Cinq mineurs migrants non accompagnés qui étaient sous tutelle à Ibiza sont rapatriés

Cinq mineurs migrants non accompagnés qui étaient sous tutelle à Ibiza sont rapatriés

FORMENTERA 7 mai. (EUROPA PRESSE) –

La présidente du gouvernement, Marga Prohens, a annoncé qu'au cours des dernières semaines, le rapatriement de cinq mineurs migrants non accompagnés qui étaient sous la tutelle du Consell d'Eivissa a été effectué.
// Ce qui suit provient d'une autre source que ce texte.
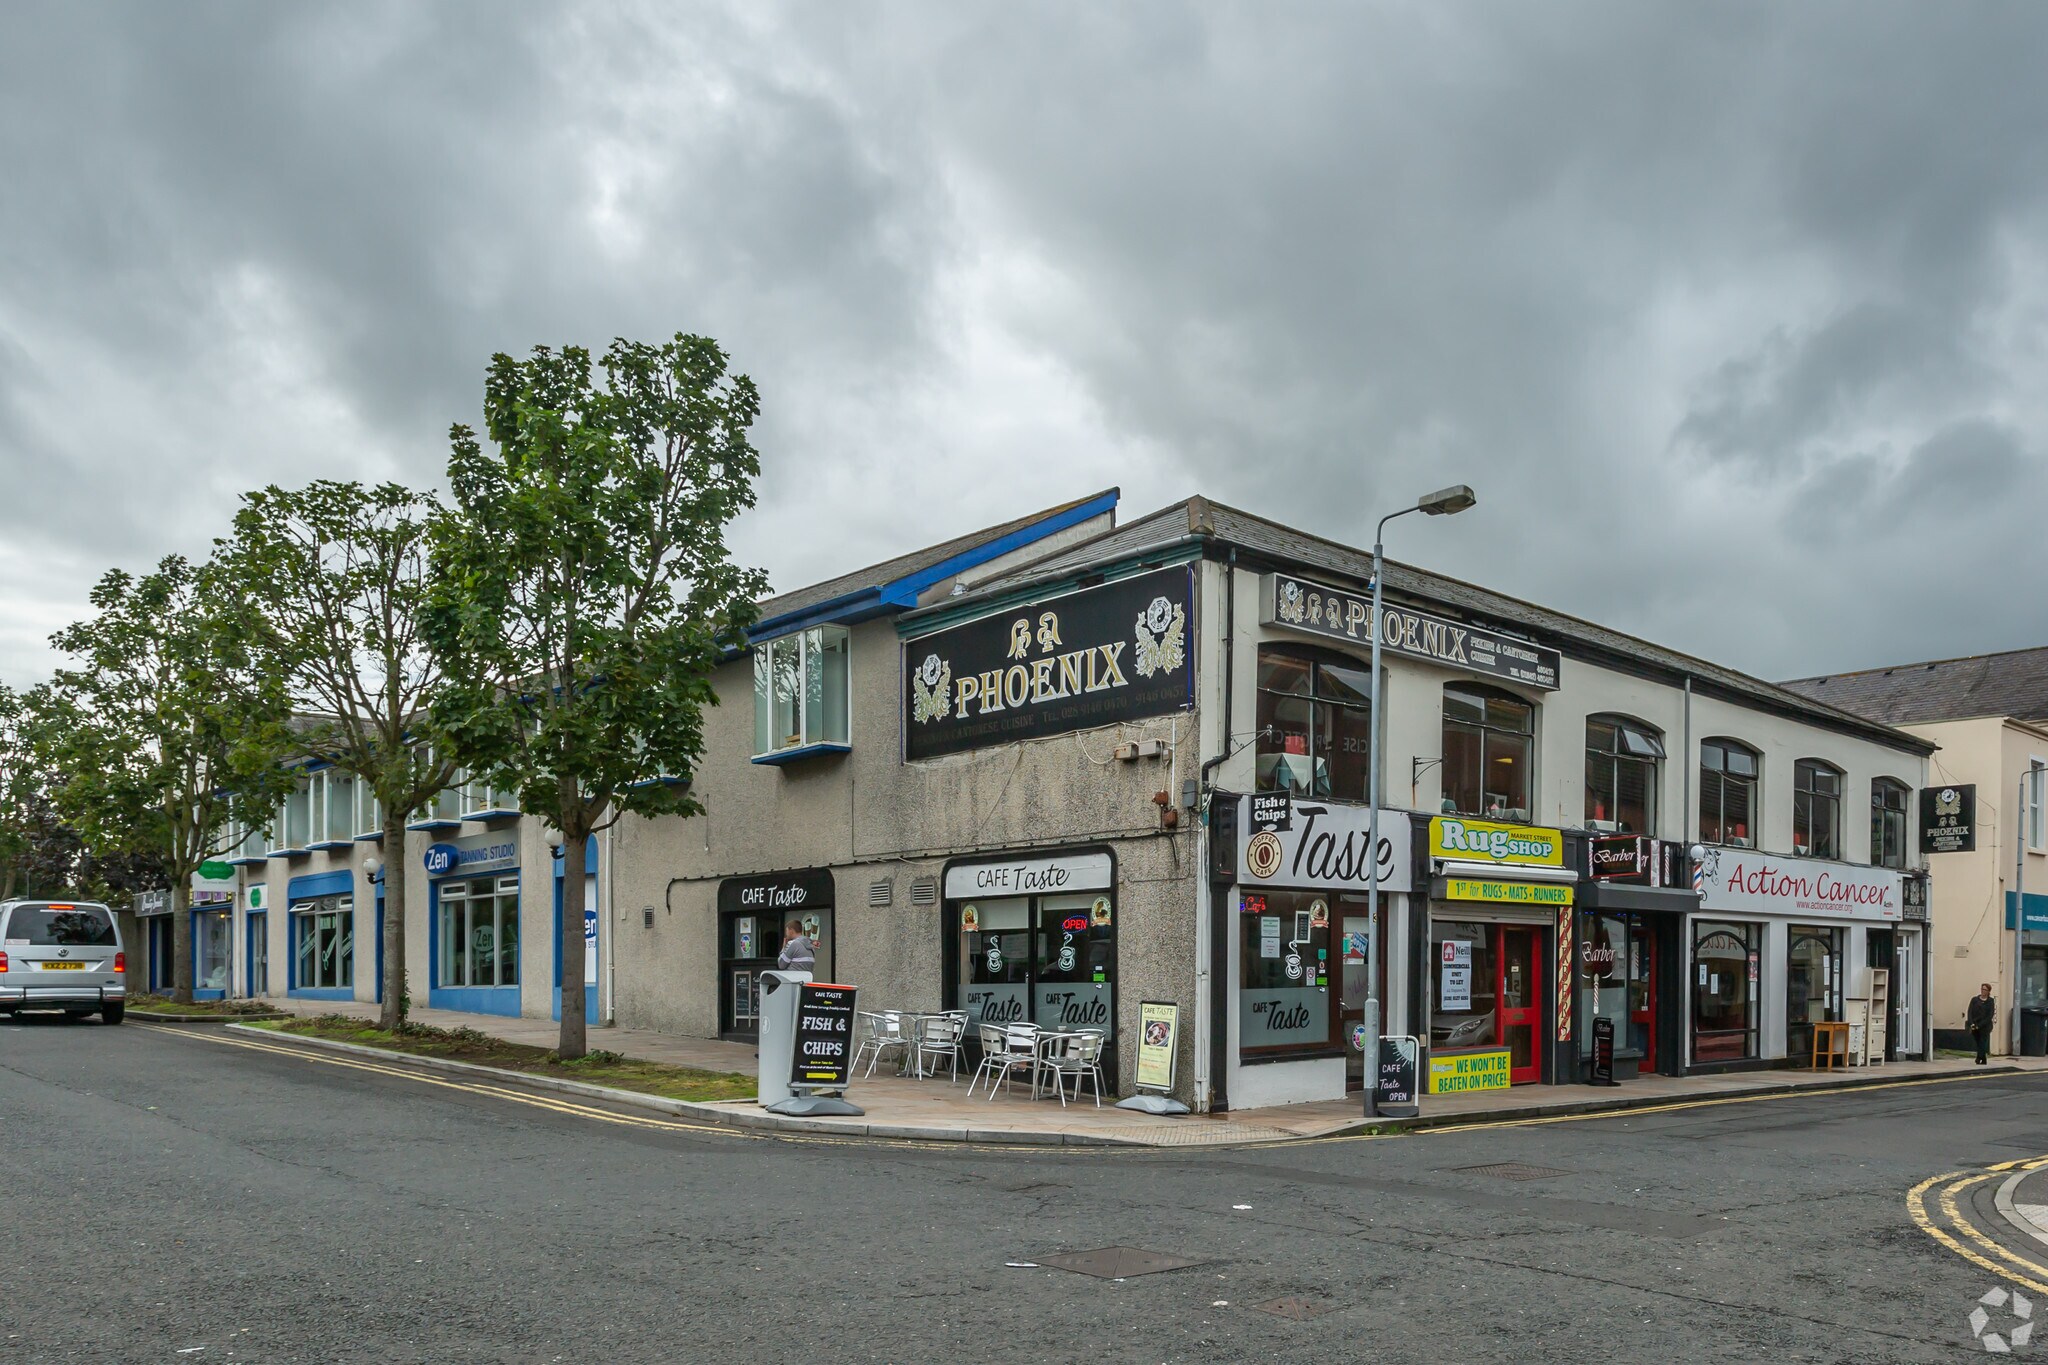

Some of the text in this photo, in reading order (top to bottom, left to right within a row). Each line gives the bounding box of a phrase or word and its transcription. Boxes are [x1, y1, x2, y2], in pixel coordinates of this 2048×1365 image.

[1347, 599, 1468, 664] PHOENIX
[955, 641, 1128, 718] PHOENIX
[1001, 713, 1035, 733] CUISINE
[1254, 796, 1286, 809] Fish &
[1254, 808, 1286, 822] Chips
[1440, 820, 1510, 858] Rug
[1511, 832, 1552, 842] MARKET STREET
[1926, 826, 1969, 837] PHOENIX
[1253, 835, 1276, 847] COFFEE
[1292, 806, 1395, 883] Taste
[1508, 839, 1553, 857] SHOP
[427, 849, 448, 870] Zen
[460, 846, 488, 864] TANNING
[490, 843, 515, 859] STUDIO
[1593, 848, 1636, 864] Barber
[977, 863, 1071, 891] CAFE Taste
[1255, 867, 1272, 876] CAFE
[1469, 882, 1479, 896] for
[1482, 884, 1503, 899] RUGS
[1508, 886, 1528, 900] MATS
[1533, 888, 1566, 902] RUNNERS
[1727, 863, 1889, 905] Action Cancer
[742, 883, 807, 907] CAFE Taste
[1796, 900, 1853, 914] www.actioncancer.org
[585, 917, 596, 935] en
[1063, 919, 1087, 930] OPEN
[475, 930, 493, 947] Zen
[1581, 941, 1616, 962] Barber
[826, 991, 843, 999] TASTE
[967, 991, 1023, 1022] CAFE Taste
[1046, 992, 1108, 1024] CAFE Taste
[1253, 1000, 1310, 1030] CAFE Taste
[802, 1016, 846, 1031] FISH &
[803, 1041, 843, 1056] CHIPS
[1382, 1064, 1401, 1073] CAFE
[1456, 1056, 1507, 1074] WE WON'T BE
[1379, 1079, 1400, 1090] Taste
[1438, 1072, 1507, 1092] BEATEN ON PRICE!
[1388, 1092, 1407, 1101] OPEN
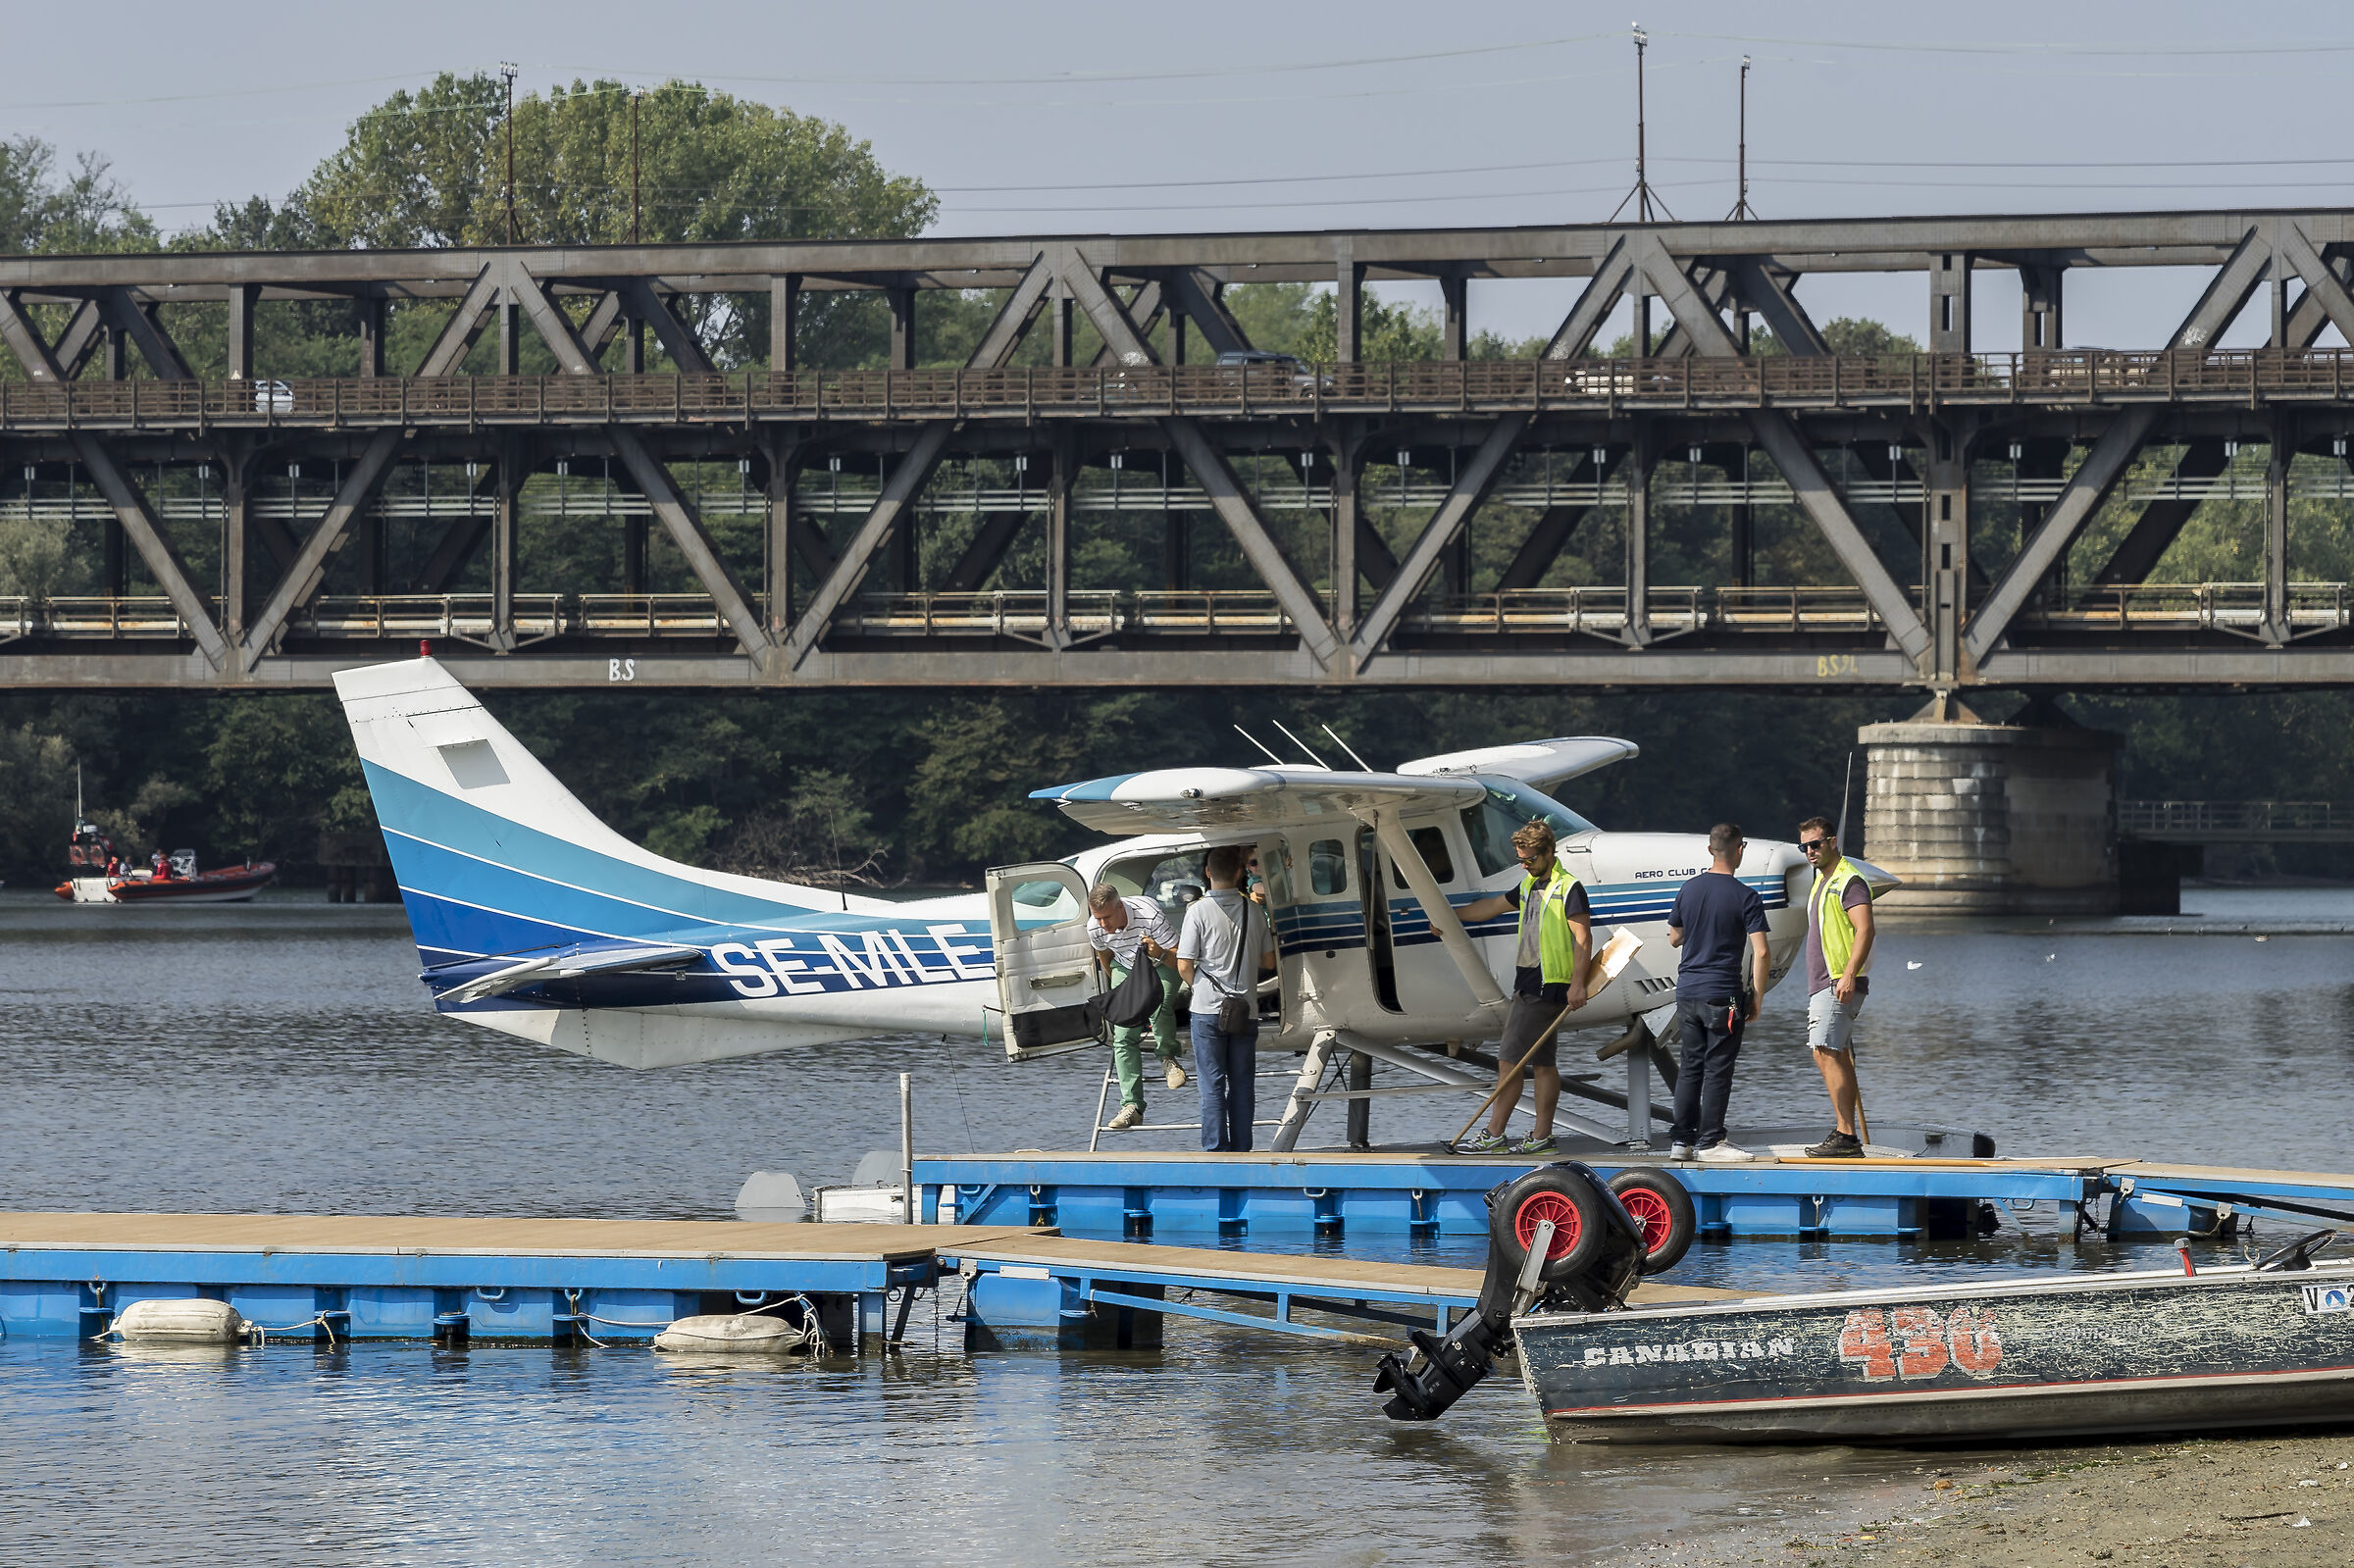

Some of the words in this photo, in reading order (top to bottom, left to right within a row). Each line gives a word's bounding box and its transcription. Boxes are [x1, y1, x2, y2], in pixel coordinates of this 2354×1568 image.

[1634, 870, 1663, 880] AERO
[1667, 868, 1696, 877] CLUB
[709, 923, 997, 998] SE-MLE
[1583, 1338, 1795, 1366] CANADIAN
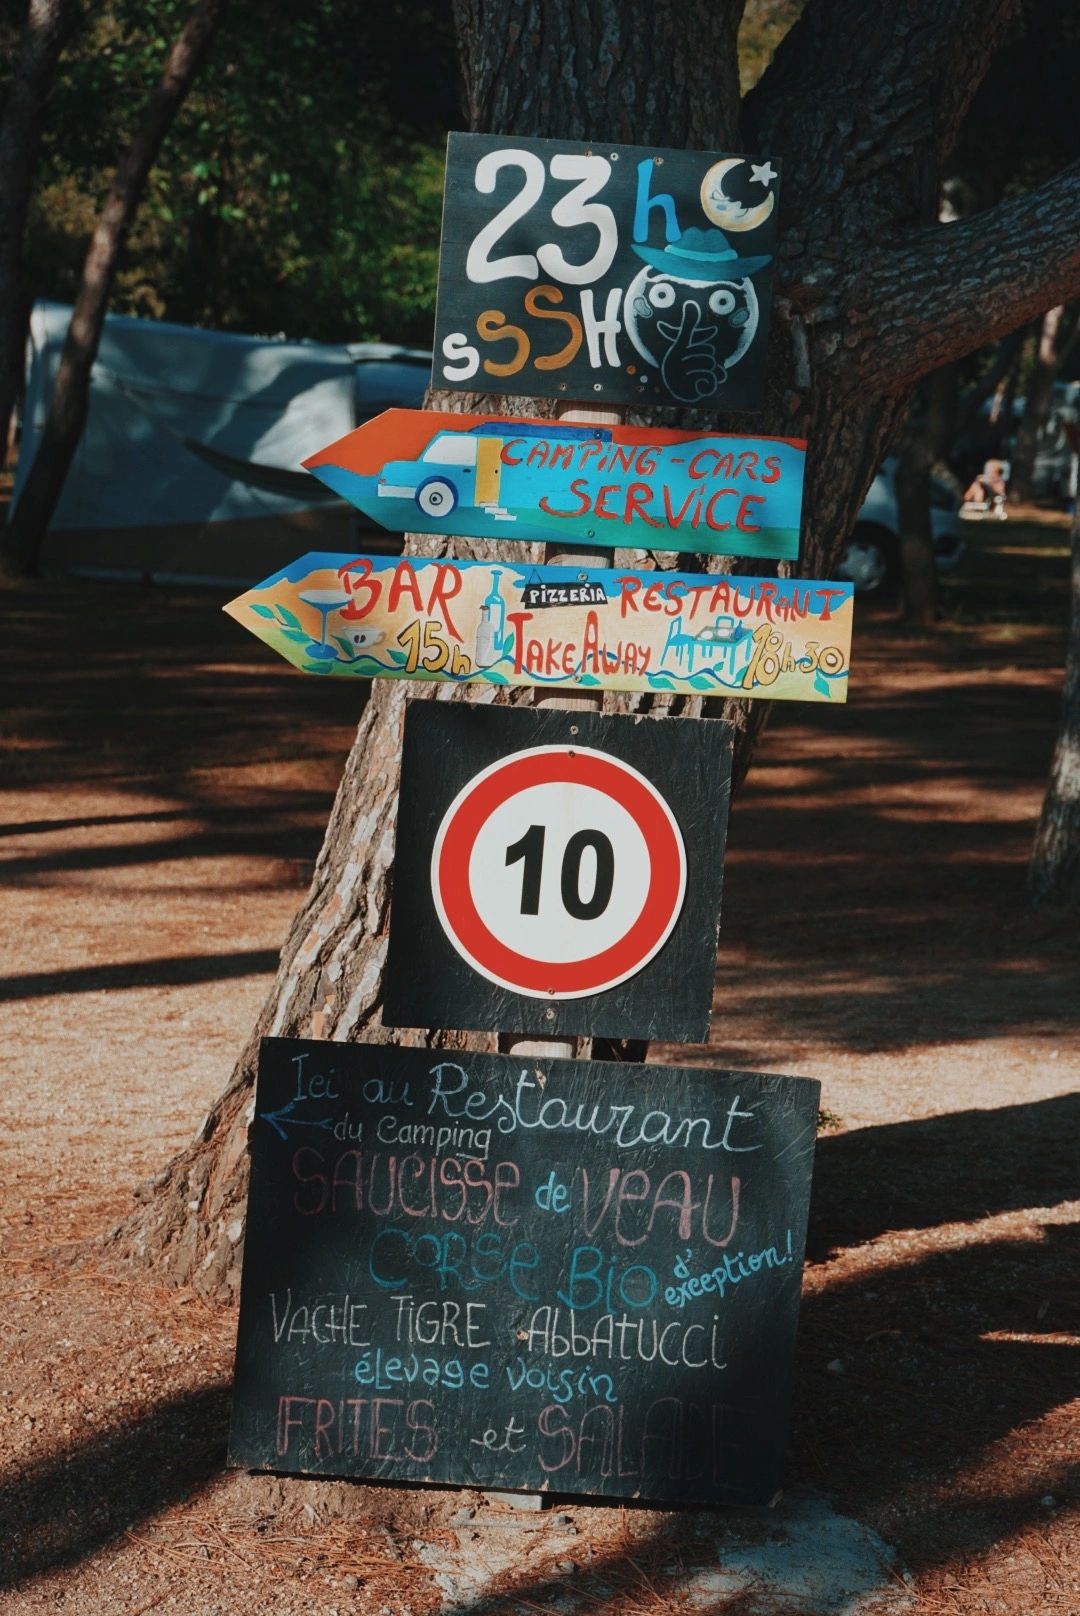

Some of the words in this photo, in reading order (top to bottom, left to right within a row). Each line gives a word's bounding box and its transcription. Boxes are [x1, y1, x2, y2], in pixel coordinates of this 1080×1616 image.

Il a déclaré cela lors de la conférence de presse après la Conférence des Présidents des Îles Baléares qui a eu lieu ce jeudi matin au phare de La Mola, à Formentera.

« Bien qu'on nous ait dit que c'était impossible, cela a été possible à Ibiza ces dernières semaines et il y a eu les premiers rapatriements de mineurs migrants non accompagnés », a-t-il noté.

Tous, a assuré le président régional, entretiennent un contact direct avec leurs familles. « S'il y a un testament, le retour des mineurs est non seulement possible mais positif », a-t-il déclaré.

L'accélération du rapatriement des mineurs étrangers non accompagnés est l'un des problèmes dont Prohens s'est plaint à la ministre de la Jeunesse et de l'Enfance, Sira Rego, il y a deux semaines, lors d'une réunion tenue à Palma.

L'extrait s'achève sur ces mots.